**** Information provided

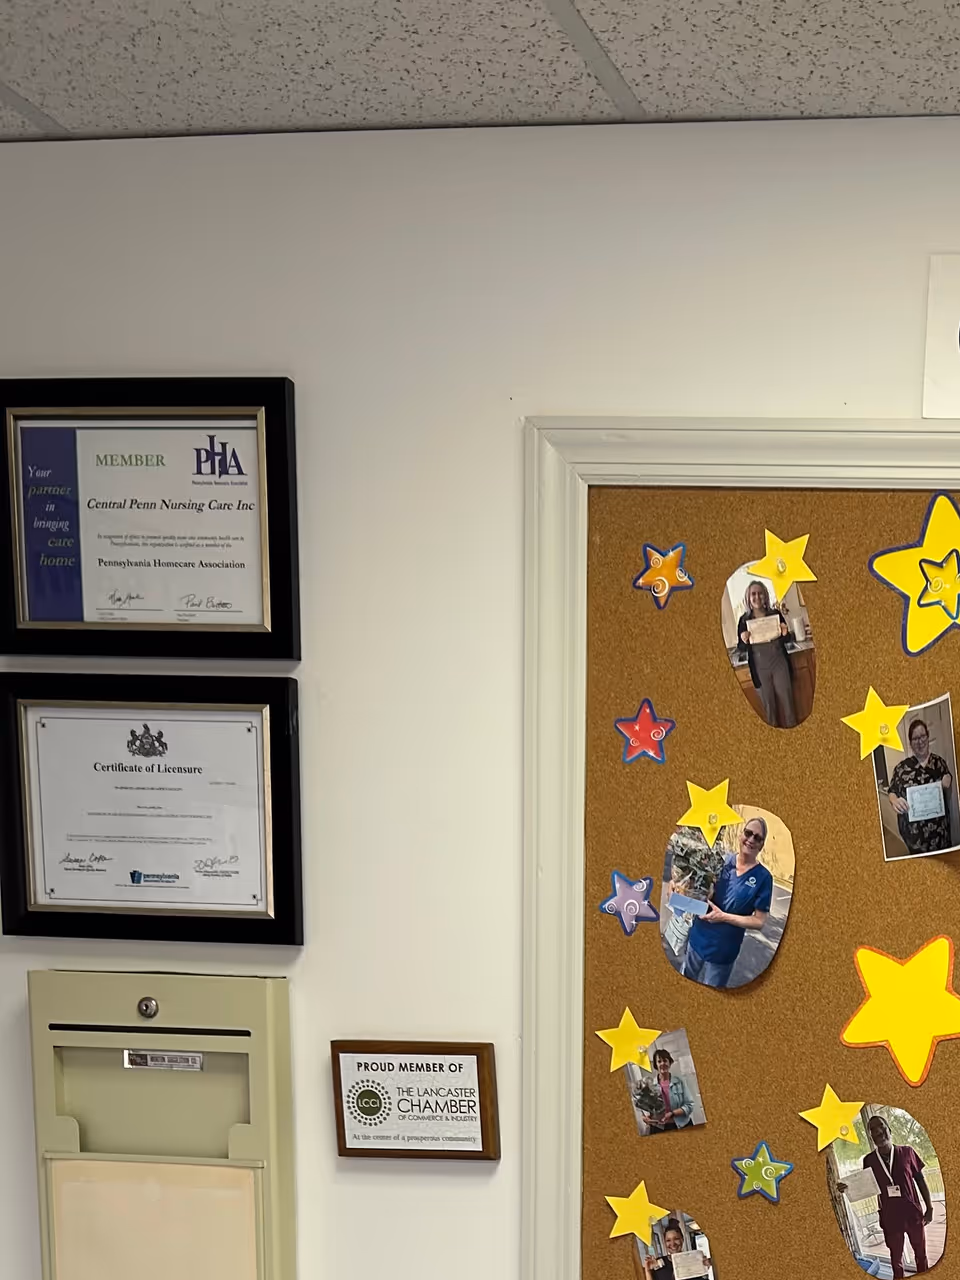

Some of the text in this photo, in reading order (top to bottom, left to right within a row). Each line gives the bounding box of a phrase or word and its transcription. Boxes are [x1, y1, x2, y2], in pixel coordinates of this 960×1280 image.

[95, 453, 166, 467] MEMBER
[28, 465, 52, 478] Your
[27, 485, 72, 499] partner
[45, 501, 56, 512] in
[86, 498, 256, 513] Central Penn Nursing Care Inc
[33, 516, 70, 532] bringing
[47, 537, 75, 547] care
[39, 552, 75, 567] home
[97, 558, 246, 570] Pennsylvania Homecare Association
[93, 762, 203, 775] Certificate of Licensure
[356, 1062, 464, 1073] PROUD MEMBER OF
[396, 1086, 476, 1098] THE LANCASTER
[396, 1098, 477, 1114] CHAMBER
[406, 1135, 441, 1143] prosperous
[441, 1135, 476, 1143] community

********

▶ **To do**
Give the records above again verbatim, pictures omitted.

▶ **Answer area**
Some of the text in this photo, in reading order (top to bottom, left to right within a row). Each line gives the bounding box of a phrase or word and its transcription. Boxes are [x1, y1, x2, y2], in pixel coordinates of this 960×1280 image.

[95, 453, 166, 467] MEMBER
[28, 465, 52, 478] Your
[27, 485, 72, 499] partner
[45, 501, 56, 512] in
[86, 498, 256, 513] Central Penn Nursing Care Inc
[33, 516, 70, 532] bringing
[47, 537, 75, 547] care
[39, 552, 75, 567] home
[97, 558, 246, 570] Pennsylvania Homecare Association
[93, 762, 203, 775] Certificate of Licensure
[356, 1062, 464, 1073] PROUD MEMBER OF
[396, 1086, 476, 1098] THE LANCASTER
[396, 1098, 477, 1114] CHAMBER
[406, 1135, 441, 1143] prosperous
[441, 1135, 476, 1143] community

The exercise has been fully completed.